Mount Miguel High School is a public, comprehensive high school located in Spring Valley, California and serves over 1,400 students in grades nine through twelve. Opened in 1957, Mount Miguel is the fourth of twelve high schools constructed in the Grossmont Union High School District. MMHS is the home of the Matadors, and the school colors are red and black.

Mount Miguel High School is accredited by the Western Association of Schools and Colleges (WASC) and is a 1990 California Distinguished School.

Matador Early College (MEC) 

Students in the MEC enroll in UC/CSU transferable college courses at Grossmont College or Cuyamaca College. They experience a college atmosphere, and are oriented to the process involved in enrolling in college, choosing classes, and completing college coursework.

Advancement Via Individual Determination (AVID) 

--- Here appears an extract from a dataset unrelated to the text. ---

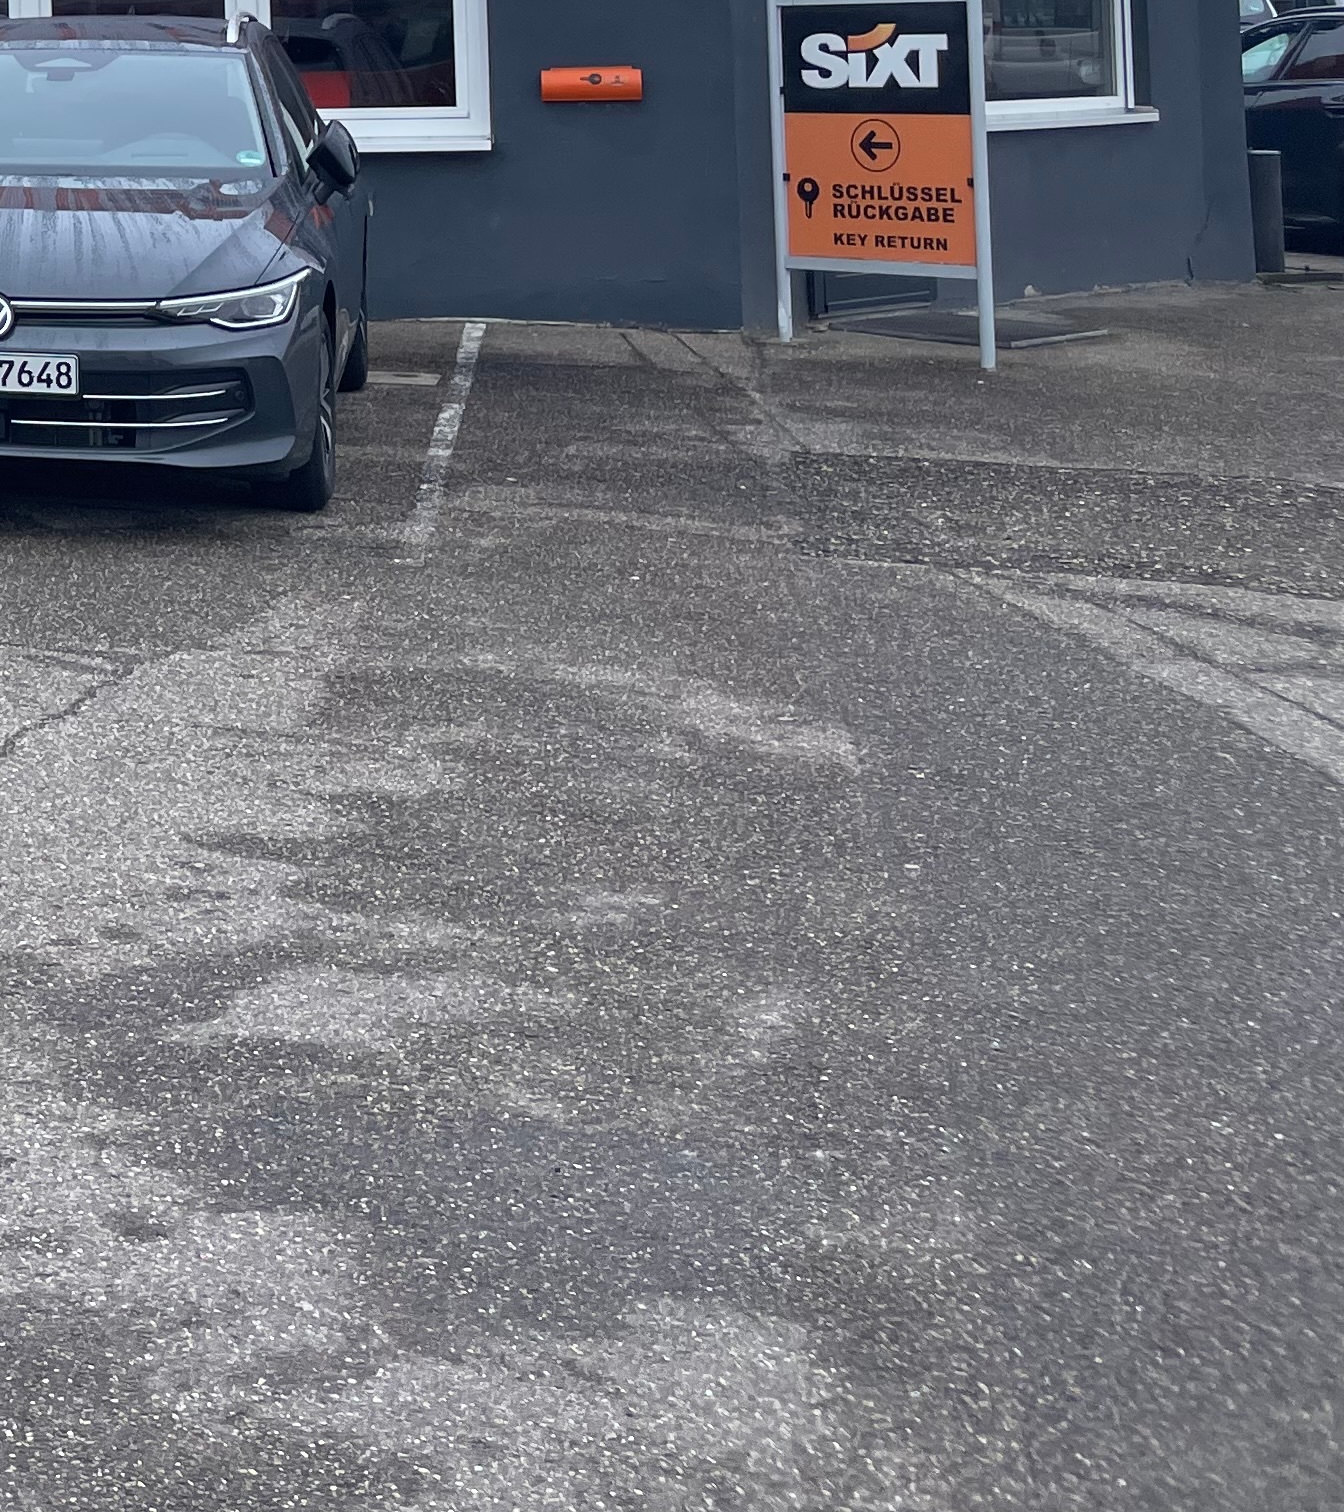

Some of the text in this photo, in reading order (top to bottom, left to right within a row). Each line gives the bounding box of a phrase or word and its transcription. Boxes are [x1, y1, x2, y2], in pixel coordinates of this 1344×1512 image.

[831, 182, 963, 204] SCHLÜSSEL
[832, 200, 955, 223] RÜCKGABE
[833, 232, 948, 251] KEY RETURN

AVID is a college prep elective course designed to ensure that students are meeting all A-G requirements and are college-ready by the end of their senior year.
 100% of AVID seniors (2015) accepted into a four-year university
 MMHS AVID seniors are awarded over $250,000 annually in grants and scholarships
 Paid college tutors providing academic support

Activities 
MMHS has a wide variety of clubs, activities, academic enrichment, and student support for which students to get involved.

After school programs
 Driver's Education
 Baseball Club
 Softball Club
 Matadors United

Athletics

Mount Miguel's athletic teams, the Matadors, compete in the Grossmont Conference and the California Interscholastic Federation (CIF) - San Diego Section.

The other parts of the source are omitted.